NANCY BAKER CAHILL
Biography
Nancy Baker Cahill is a visual artist living in Los Angeles. Her drawings, paper sculptures, and videos treat the idea of the human body as a complicated abstraction: corporeally real, yet unknowable, and mediated by external forces. She received her B.A. cum laude with Honors in Art from Williams College. From 2010-2012 she initiated and led a collaborative art project at Homeboy Industries called “Exit Wounds.” Works from this project were exhibited throughout Los Angeles as part of the Craft and Folk Art Museum’s “Folk Art Everywhere” program through 2013. From 2006 – 2011 she served on the Hollywood Community Redevelopment Agency’s Public Art Advisory Board. She is the recipient of an ARC Grant from the Center for Cultural Innovation. Exhibition highlights include the Pasadena Museum of California Art, The Torrance Art museum, and various galleries. Press highlights include a profile in KCET’s award-winning “Artbound” series and the Los Angeles Times. In 2015 she designed and led a collage workshop with homeless individuals under the aegis of the Craft and Folk Art Museum. She is a member of the Pasadena Art Alliance and a board member at LACE (Los Angeles Contemporary Exhibitions).
Statement
My small and large-scale drawings treat the idea of the human body as a complicated abstraction: corporeally real, yet unknowable, engaged in perpetual struggle. Nothing appears whole; folds of flesh, explosions of hair, ropy tendons and sinew pull and push against and through each other. I mine the tension between extremes of mass and void, stasis and motion, erotic and a-sexual forms. My intention is for viewers to experience empathic self-reflection as they consider their bodies and the bodies of others as engaged in an ongoing, unsettled contest— filled with vulnerability, strength, discomfort, and defiance.

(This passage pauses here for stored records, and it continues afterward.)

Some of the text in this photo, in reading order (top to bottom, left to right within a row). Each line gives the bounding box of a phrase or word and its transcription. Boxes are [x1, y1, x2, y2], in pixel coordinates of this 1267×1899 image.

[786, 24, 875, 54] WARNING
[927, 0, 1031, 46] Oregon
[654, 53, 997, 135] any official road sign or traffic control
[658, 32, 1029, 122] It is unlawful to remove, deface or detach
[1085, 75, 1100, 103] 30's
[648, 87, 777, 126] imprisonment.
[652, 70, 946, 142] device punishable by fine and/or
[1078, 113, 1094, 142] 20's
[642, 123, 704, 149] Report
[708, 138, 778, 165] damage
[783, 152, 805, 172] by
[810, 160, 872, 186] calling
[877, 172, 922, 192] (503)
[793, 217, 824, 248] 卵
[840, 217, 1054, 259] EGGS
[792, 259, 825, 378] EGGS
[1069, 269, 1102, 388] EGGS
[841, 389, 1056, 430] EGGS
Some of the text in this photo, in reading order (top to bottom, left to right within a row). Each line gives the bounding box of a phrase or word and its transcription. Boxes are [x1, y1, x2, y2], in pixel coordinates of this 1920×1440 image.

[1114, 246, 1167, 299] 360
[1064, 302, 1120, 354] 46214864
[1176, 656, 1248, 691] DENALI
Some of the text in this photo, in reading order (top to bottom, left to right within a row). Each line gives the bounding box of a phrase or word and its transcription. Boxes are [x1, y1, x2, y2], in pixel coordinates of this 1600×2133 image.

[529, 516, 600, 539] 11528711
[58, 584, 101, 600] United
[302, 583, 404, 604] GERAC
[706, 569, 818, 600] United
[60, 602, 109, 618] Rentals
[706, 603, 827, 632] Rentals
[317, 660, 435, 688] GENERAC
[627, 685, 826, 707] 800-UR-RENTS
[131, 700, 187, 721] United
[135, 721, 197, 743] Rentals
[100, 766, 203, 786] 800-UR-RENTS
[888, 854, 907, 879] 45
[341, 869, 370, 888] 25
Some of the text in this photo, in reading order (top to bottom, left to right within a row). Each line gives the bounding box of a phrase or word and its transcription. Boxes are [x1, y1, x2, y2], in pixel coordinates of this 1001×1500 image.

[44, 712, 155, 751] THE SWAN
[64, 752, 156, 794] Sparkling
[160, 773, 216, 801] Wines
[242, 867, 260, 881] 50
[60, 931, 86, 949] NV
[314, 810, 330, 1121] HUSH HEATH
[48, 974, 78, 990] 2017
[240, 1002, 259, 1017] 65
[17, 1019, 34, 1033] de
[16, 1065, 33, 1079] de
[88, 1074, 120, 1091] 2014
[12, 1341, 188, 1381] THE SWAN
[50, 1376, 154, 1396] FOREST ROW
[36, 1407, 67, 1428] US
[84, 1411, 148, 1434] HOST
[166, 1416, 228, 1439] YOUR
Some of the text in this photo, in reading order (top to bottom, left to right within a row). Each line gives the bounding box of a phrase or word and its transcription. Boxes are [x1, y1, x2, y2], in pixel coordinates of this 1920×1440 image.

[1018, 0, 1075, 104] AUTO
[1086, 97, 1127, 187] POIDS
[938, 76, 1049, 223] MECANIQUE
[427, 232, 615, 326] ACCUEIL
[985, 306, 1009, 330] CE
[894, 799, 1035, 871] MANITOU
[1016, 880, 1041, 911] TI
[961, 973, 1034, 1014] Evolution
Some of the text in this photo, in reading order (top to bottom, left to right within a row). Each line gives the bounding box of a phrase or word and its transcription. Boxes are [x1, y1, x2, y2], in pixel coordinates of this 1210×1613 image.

In Aftermath, her book on violent trauma and the body, Susan J. Brison introduces the concept of a mathematical “surd” as a metaphor for irreversible chaos and disruption in an otherwise linear life path, following her own horrific sexual assault. A surd is an irrational number that, when placed in a predictable series of rational numbers, destroys all pre-existing coherence. Translated, it means “non-sense,” and “voiceless.” My recent Surd drawings engage this metaphor through the juxtaposition of gridded, “predictable” sequences of holes punctured through the skin-like surfaces of chaotic body forms. My aim is to explore the human “rational” desire for understanding through order and logic when faced with the nonsensical. I want to dissect notions of power moving over and through the body, while embracing their intrinsic mutability.